• _YOUR TASK_
Look at the entries below and reproduce them exactly.

Data entries:
※ ※ ※
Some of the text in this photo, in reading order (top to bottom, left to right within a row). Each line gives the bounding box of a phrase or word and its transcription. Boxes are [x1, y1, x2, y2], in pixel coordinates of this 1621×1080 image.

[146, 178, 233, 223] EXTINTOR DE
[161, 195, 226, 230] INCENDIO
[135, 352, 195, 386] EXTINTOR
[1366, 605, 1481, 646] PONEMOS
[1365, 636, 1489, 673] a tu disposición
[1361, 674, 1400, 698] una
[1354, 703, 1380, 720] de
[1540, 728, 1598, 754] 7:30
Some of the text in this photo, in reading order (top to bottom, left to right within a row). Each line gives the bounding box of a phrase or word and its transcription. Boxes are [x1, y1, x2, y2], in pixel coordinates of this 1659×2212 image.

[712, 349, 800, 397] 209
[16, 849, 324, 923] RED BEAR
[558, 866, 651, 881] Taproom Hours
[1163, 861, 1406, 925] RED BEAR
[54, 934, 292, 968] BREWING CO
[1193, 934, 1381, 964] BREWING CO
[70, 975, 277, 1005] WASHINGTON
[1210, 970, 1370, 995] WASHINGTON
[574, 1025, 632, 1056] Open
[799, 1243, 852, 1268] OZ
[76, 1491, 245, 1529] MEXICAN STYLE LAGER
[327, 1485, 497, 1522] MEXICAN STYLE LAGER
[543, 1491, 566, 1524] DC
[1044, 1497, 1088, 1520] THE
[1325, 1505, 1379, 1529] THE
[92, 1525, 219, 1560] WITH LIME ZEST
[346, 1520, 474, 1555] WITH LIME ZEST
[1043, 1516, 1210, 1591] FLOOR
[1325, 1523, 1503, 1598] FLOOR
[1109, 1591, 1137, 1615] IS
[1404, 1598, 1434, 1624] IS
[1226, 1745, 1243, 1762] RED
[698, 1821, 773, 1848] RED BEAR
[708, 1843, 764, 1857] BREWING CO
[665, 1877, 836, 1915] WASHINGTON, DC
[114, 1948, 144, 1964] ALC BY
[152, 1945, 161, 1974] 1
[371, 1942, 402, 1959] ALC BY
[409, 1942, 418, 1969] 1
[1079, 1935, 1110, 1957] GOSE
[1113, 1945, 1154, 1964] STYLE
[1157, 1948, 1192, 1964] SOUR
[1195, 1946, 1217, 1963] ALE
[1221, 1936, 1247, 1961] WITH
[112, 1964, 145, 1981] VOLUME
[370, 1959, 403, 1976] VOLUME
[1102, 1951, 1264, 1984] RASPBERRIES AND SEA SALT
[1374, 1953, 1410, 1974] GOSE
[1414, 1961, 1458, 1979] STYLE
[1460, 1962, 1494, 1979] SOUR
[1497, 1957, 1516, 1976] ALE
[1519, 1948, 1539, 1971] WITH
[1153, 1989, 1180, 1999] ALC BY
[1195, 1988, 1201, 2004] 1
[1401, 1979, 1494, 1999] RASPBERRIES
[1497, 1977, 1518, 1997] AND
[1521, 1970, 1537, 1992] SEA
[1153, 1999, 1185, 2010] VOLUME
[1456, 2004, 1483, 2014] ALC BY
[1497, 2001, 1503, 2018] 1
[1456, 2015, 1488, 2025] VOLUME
※ ※ ※
• _SOLUTION TO THIS PROBLEM_
Some of the text in this photo, in reading order (top to bottom, left to right within a row). Each line gives the bounding box of a phrase or word and its transcription. Boxes are [x1, y1, x2, y2], in pixel coordinates of this 1621×1080 image.

[146, 178, 233, 223] EXTINTOR DE
[161, 195, 226, 230] INCENDIO
[135, 352, 195, 386] EXTINTOR
[1366, 605, 1481, 646] PONEMOS
[1365, 636, 1489, 673] a tu disposición
[1361, 674, 1400, 698] una
[1354, 703, 1380, 720] de
[1540, 728, 1598, 754] 7:30
Some of the text in this photo, in reading order (top to bottom, left to right within a row). Each line gives the bounding box of a phrase or word and its transcription. Boxes are [x1, y1, x2, y2], in pixel coordinates of this 1659×2212 image.

[712, 349, 800, 397] 209
[16, 849, 324, 923] RED BEAR
[558, 866, 651, 881] Taproom Hours
[1163, 861, 1406, 925] RED BEAR
[54, 934, 292, 968] BREWING CO
[1193, 934, 1381, 964] BREWING CO
[70, 975, 277, 1005] WASHINGTON
[1210, 970, 1370, 995] WASHINGTON
[574, 1025, 632, 1056] Open
[799, 1243, 852, 1268] OZ
[76, 1491, 245, 1529] MEXICAN STYLE LAGER
[327, 1485, 497, 1522] MEXICAN STYLE LAGER
[543, 1491, 566, 1524] DC
[1044, 1497, 1088, 1520] THE
[1325, 1505, 1379, 1529] THE
[92, 1525, 219, 1560] WITH LIME ZEST
[346, 1520, 474, 1555] WITH LIME ZEST
[1043, 1516, 1210, 1591] FLOOR
[1325, 1523, 1503, 1598] FLOOR
[1109, 1591, 1137, 1615] IS
[1404, 1598, 1434, 1624] IS
[1226, 1745, 1243, 1762] RED
[698, 1821, 773, 1848] RED BEAR
[708, 1843, 764, 1857] BREWING CO
[665, 1877, 836, 1915] WASHINGTON, DC
[114, 1948, 144, 1964] ALC BY
[152, 1945, 161, 1974] 1
[371, 1942, 402, 1959] ALC BY
[409, 1942, 418, 1969] 1
[1079, 1935, 1110, 1957] GOSE
[1113, 1945, 1154, 1964] STYLE
[1157, 1948, 1192, 1964] SOUR
[1195, 1946, 1217, 1963] ALE
[1221, 1936, 1247, 1961] WITH
[112, 1964, 145, 1981] VOLUME
[370, 1959, 403, 1976] VOLUME
[1102, 1951, 1264, 1984] RASPBERRIES AND SEA SALT
[1374, 1953, 1410, 1974] GOSE
[1414, 1961, 1458, 1979] STYLE
[1460, 1962, 1494, 1979] SOUR
[1497, 1957, 1516, 1976] ALE
[1519, 1948, 1539, 1971] WITH
[1153, 1989, 1180, 1999] ALC BY
[1195, 1988, 1201, 2004] 1
[1401, 1979, 1494, 1999] RASPBERRIES
[1497, 1977, 1518, 1997] AND
[1521, 1970, 1537, 1992] SEA
[1153, 1999, 1185, 2010] VOLUME
[1456, 2004, 1483, 2014] ALC BY
[1497, 2001, 1503, 2018] 1
[1456, 2015, 1488, 2025] VOLUME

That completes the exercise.